NHS estimates Palantir data platform will deliver returns of five times its costs


The implementation of the controversial tech system for connecting trusts to a wide range of data will deliver almost £4 of pure upside for every pound spent, a review suggests

The NHS’s Federated Data Platform will deliver returns of five times the costs of implementing the system, newly published project documents indicate.

The programme to deliver the Federated Data Platform (FDP) formally began work in 2022 and the rollout of the system throughout the NHS commenced two years later – following the award of a potential £500m deal to us tech vendor Palantir, whose technology underpins the platform.

According to a newly published project assessment, the programme’s “full business case estimates that the FDP will realise benefit in the order of £780m over the seven-year appraisal period”.

The review clarifies that includes direct financial return of £60m per year by the end of this decade, plus £55m in annual non-cashable benefits, plus £38m in wider “societal benefits”.

The whole-life costs of the programme – including those incurred outside of the public sector – are estimated at £1.04bn, according to the most recent annual government major projects portfolio (GMPP) report.

But, once the annualised benefits are in full effect, the FDP project will deliver “a benefit-cost ratio of 4.92”, the recent assessment says. This means that, for every pound spent, almost £5 will be returned – including £3.92 of pure financial upside.

Returns could be even higher still as, following in publishing the review, “the programme has since entered its delivery phase and anticipated benefits exceed the values set out at the point of the accounting officer assessment being carried out”.

Value-for-money is one of the four areas covered by the accounting officer assessment, the regular completion of which is a requirement for all programmes in the GMPP. The document – which is undersigned by the project’s accounting officer, Department of Health and Social Care official Shona Dunn – also signs off delivery of the FDP against the three other necessary metrics: regularity; propriety; and feasibility.


Related content


In the latter area, the assessment says: “In the full business case, the programme has outlined the ways of working, which describe the operating model requirements of the platform and set out the high-level responsibilities of the successful supplier. This includes proposed approaches to delivery, product management and contract management. The programme team is finalising the implementation plan with the successful suppliers. The contract incorporates strict mechanisms and controls for managing performance through a series of service level agreements and key performance indicators. The required contract management and governance structures are agreed.”

The assessment is dated 29 May 2024, but the final portion of the document explains that “the delay in publication of this summary is a result of the timing, which coincided with the pre-election period for the last general election; further delays were experienced due to structural changes at a senior level”.

FDP is designed to provide a central national architecture to connect data sets from across the health service. It also enables individual trusts and integrated care boards to create their own data platform and connect it to those established by other local NHS entities. About 170 of these organisations have signed up to do so thus far, and more than two thirds of these are already up and running on the platform.
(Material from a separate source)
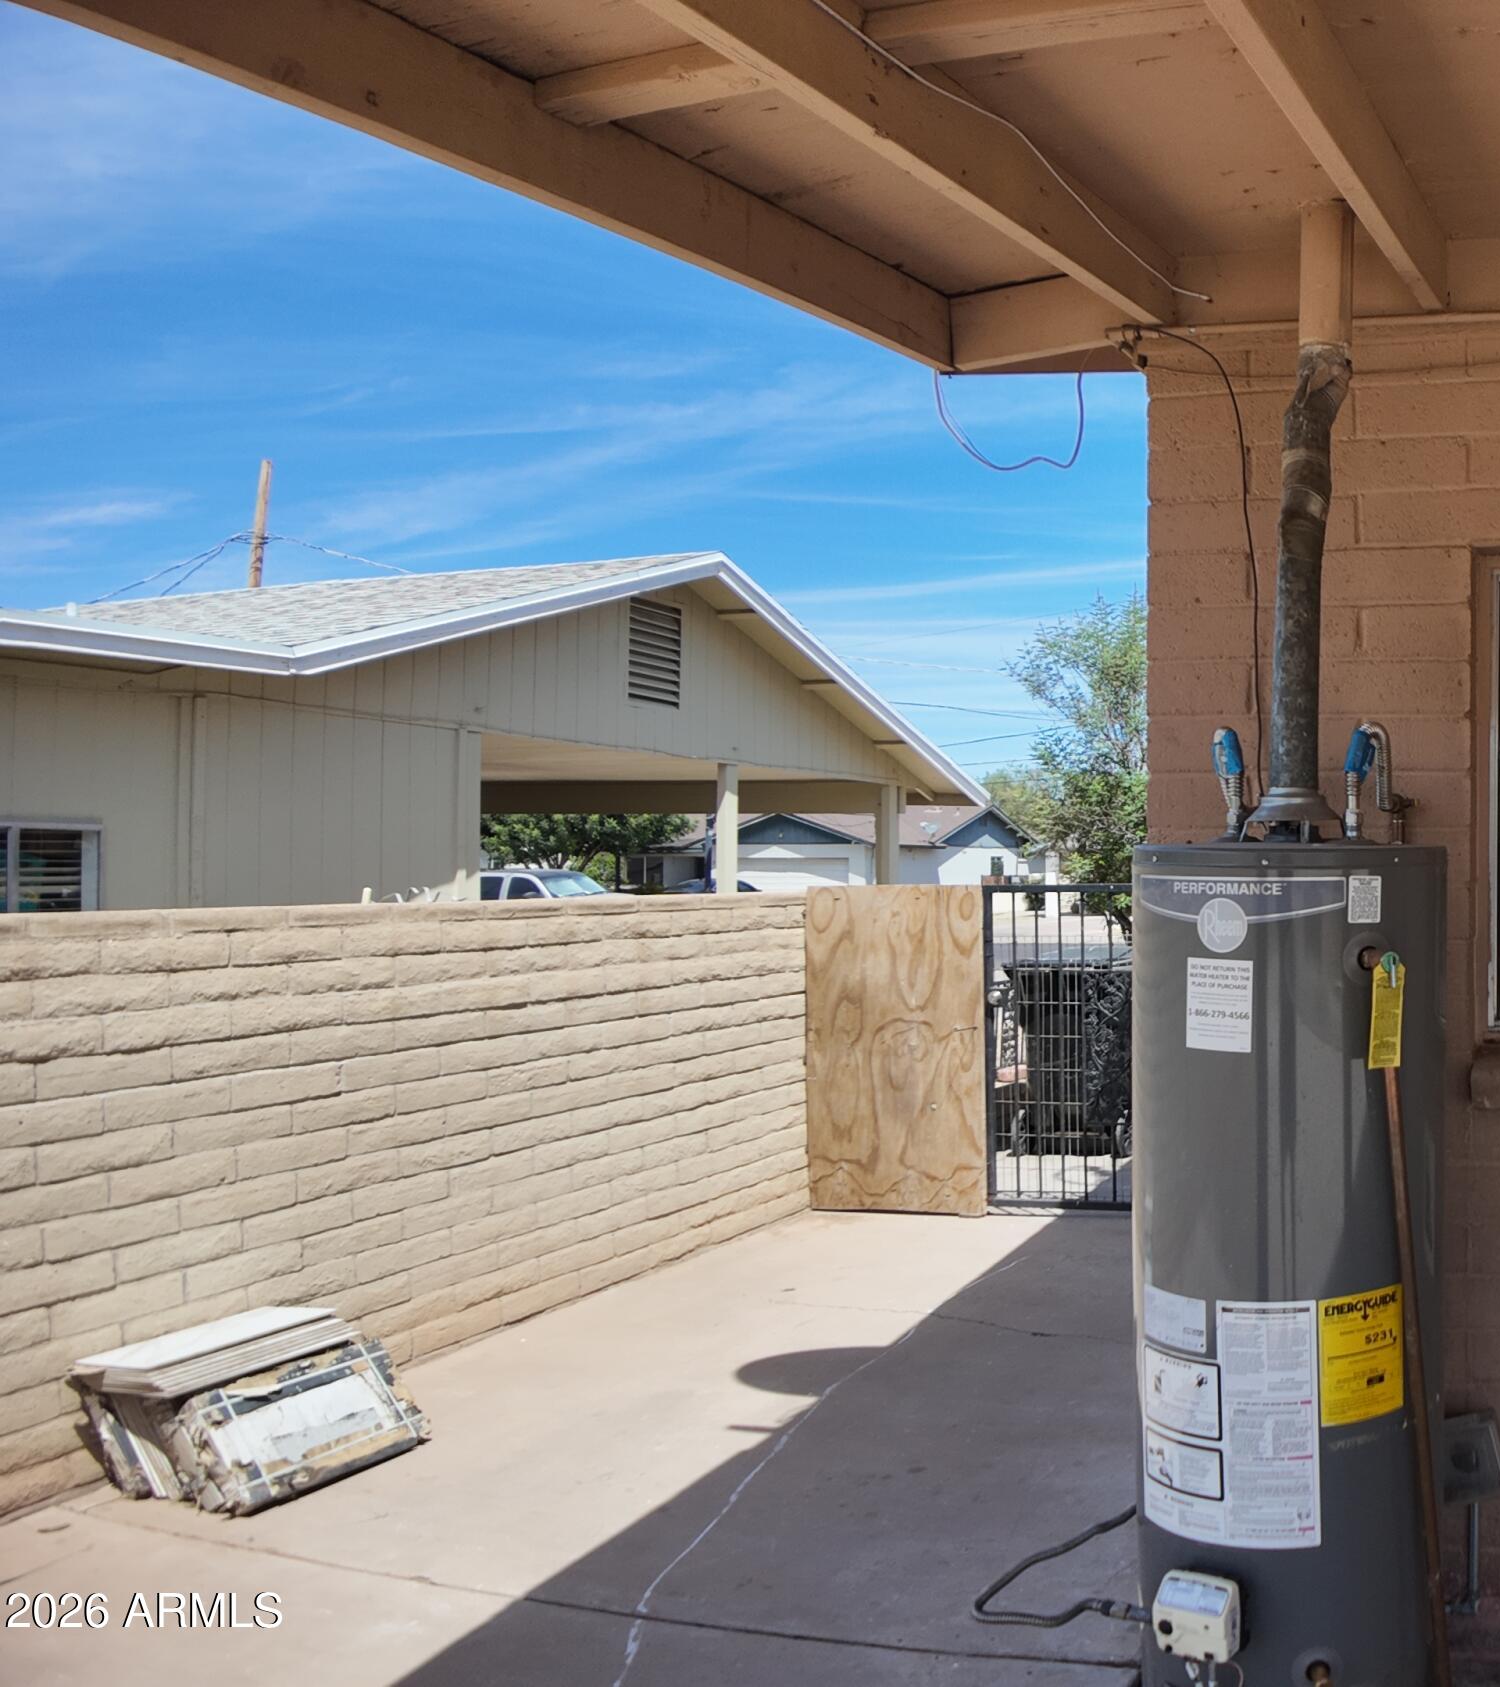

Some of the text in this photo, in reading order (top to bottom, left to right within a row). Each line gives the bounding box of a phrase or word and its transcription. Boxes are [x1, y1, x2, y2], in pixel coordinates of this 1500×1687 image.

[1173, 882, 1283, 895] PERFORMANCE
[1203, 901, 1243, 944] Rheem
[1189, 1008, 1250, 1020] 1-866-279-4566
The platform builds upon and supersedes the Covid Data Store that – using Palantir’s Foundry technology – was created in the early weeks of the coronavirus crisis to serve as the health service’s core repository for data sets containing information such as infection rates, availability of beds and medicines, waiting lists, future projections and, latterly, vaccine rollouts.

When the US firm was retained to deliver the longer-term FDP project, the chair of the British Medical Association union described the choice as “deeply worrying”.

Other prominent critics at the time included senior representatives of Amnesty International, who said that “Palantir is a very troubling choice of service provider for the NHS given the human rights controversies surrounding the company.”

A 2020 report from the human rights organisation found that the tech firm’s work supporting the US immigration and security agencies has created “a high risk that Palantir is contributing to serious human rights violations”.

Palantir was also co-founded in 2003 by controversial billionaire Peter Thiel, who still chairs the company’s board and, appearing at an event held by Oxford Union last year, called for the NHS to be privatised and claimed the UK’s support for the institution amounts to “Stockholm syndrome”. Other representatives of the data company have distanced the firm from these comments and stressed that they were made purely as a “private individual”.